Certainly, the relapses in the relapsing and progressive stage can be also used as a model. Others are based on imaging biomarkers. This was the central part of the course. In particular, MRI, positron emission tomography, and some visual imaging biomarkers have been discussed, which I will enter in a little bit detail in a minute.
The other markers are clinical. As the studies are getting approved by FDA, so far we don't have a remyelination therapy approved by FDA, more clinical biomarkers will be needed. Beyond the models, how to start the remyelination, it's very important to also talk about the design of the studies.
Clearly, you need to identify whether some of these drugs may, in a very short term, show to be useful to be studied in larger studies. That's why short-term studies of three to six months are needed.
In general, the studies are parallel group, which means placebo control, or they can be crossover, which means that a patient gets a treatment, real treatment for some time, let's say three months, followed by crossover to placebo. On the other hand, the placebo in the first months, in the second part of the study, get a real treatment.
You can really see how in both treatment arms, the things are changing. There could be pre-therapeutic round periods. We follow the patients for some time before the drug is introduced and then after it's introduced. Then the adaptive designs.
The ultimate goal of this remyelination therapies are to improve pre-existing disability, or to prevent subsequent disability worsening. Certainly, to improve the pre-existing disability would be a major goal, especially as the patients are getting into progressive stage because that would mean reversal of the dysfunction.
There are not established guidelines for approval of remyelination therapies with FDA. They usually require clinical outcomes, including expanded visibility start to scale change. Most recently, walking hand function, and cognitive processing speed outcomes have been added.

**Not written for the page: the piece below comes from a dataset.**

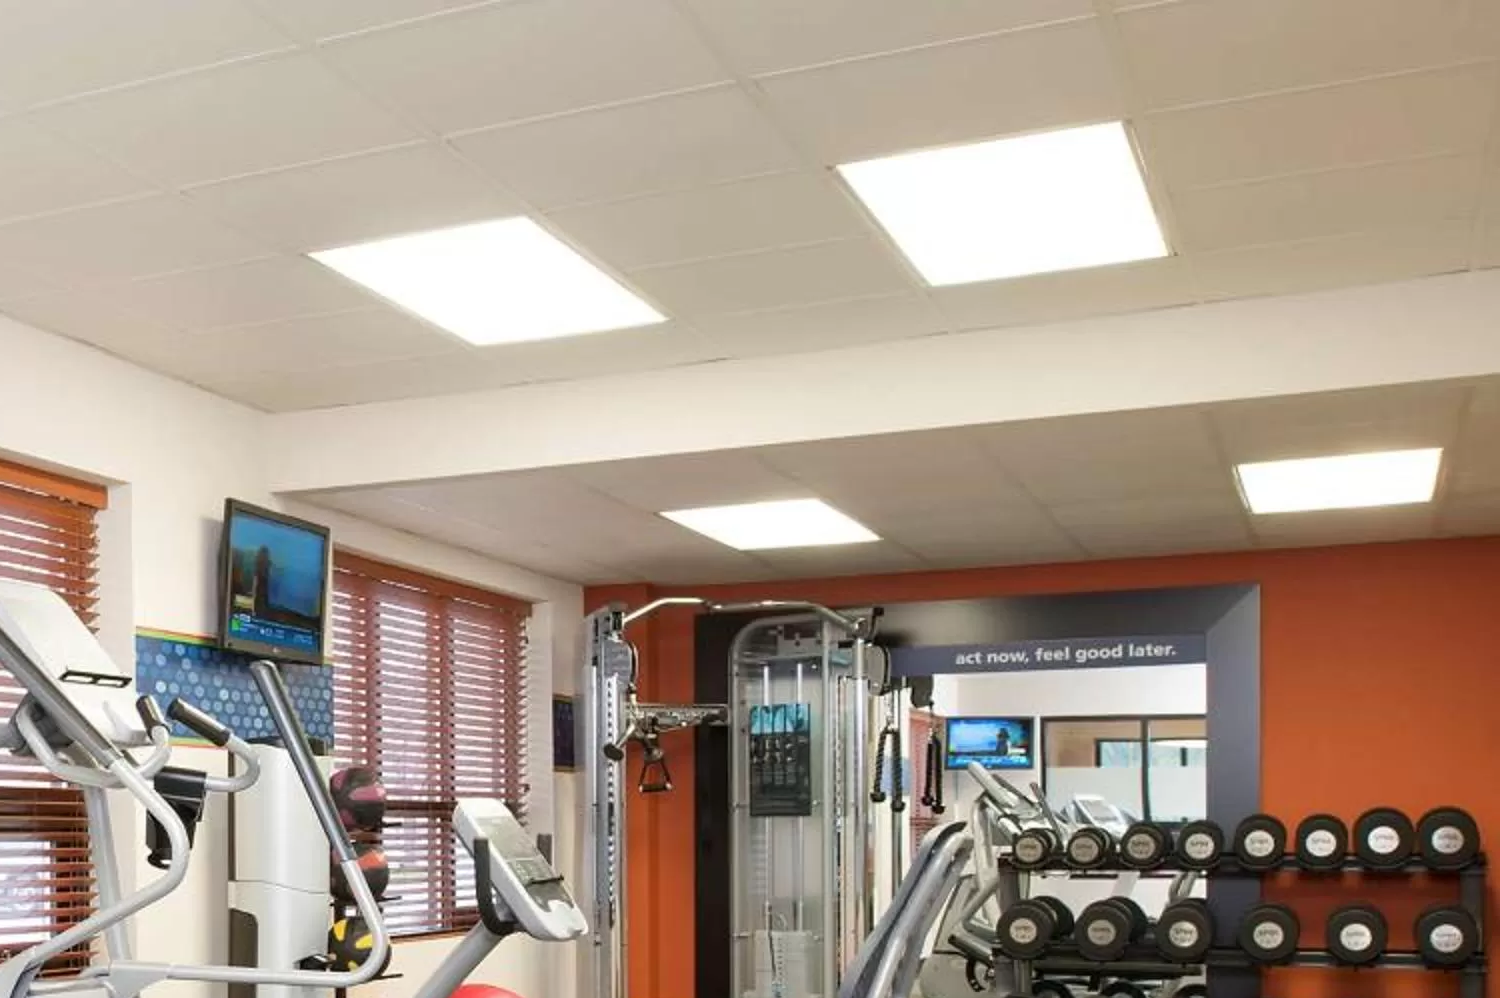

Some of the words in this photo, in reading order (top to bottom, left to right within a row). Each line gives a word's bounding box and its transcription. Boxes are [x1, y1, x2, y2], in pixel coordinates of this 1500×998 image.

This usually requires a long time. Maybe three to five years, which is very challenging for conducting these studies. That's one of the reasons why some of the trials that we've seen have failed. In particular, regarding the MRI imaging, it has been discussed that the most promising measures currently are magnetization transfer ratio and diffusion tensor imaging.
This, over the last 15, 20 years, went through many iterations. First, second, third, and fourth generation outcomes. Now, on the modern scanners, you can get very sophisticated measures like myelin water fraction and axonal water fraction, and obtain a g-ratio from those with very high sensitivity and specificity for myelin changes in a short period of time.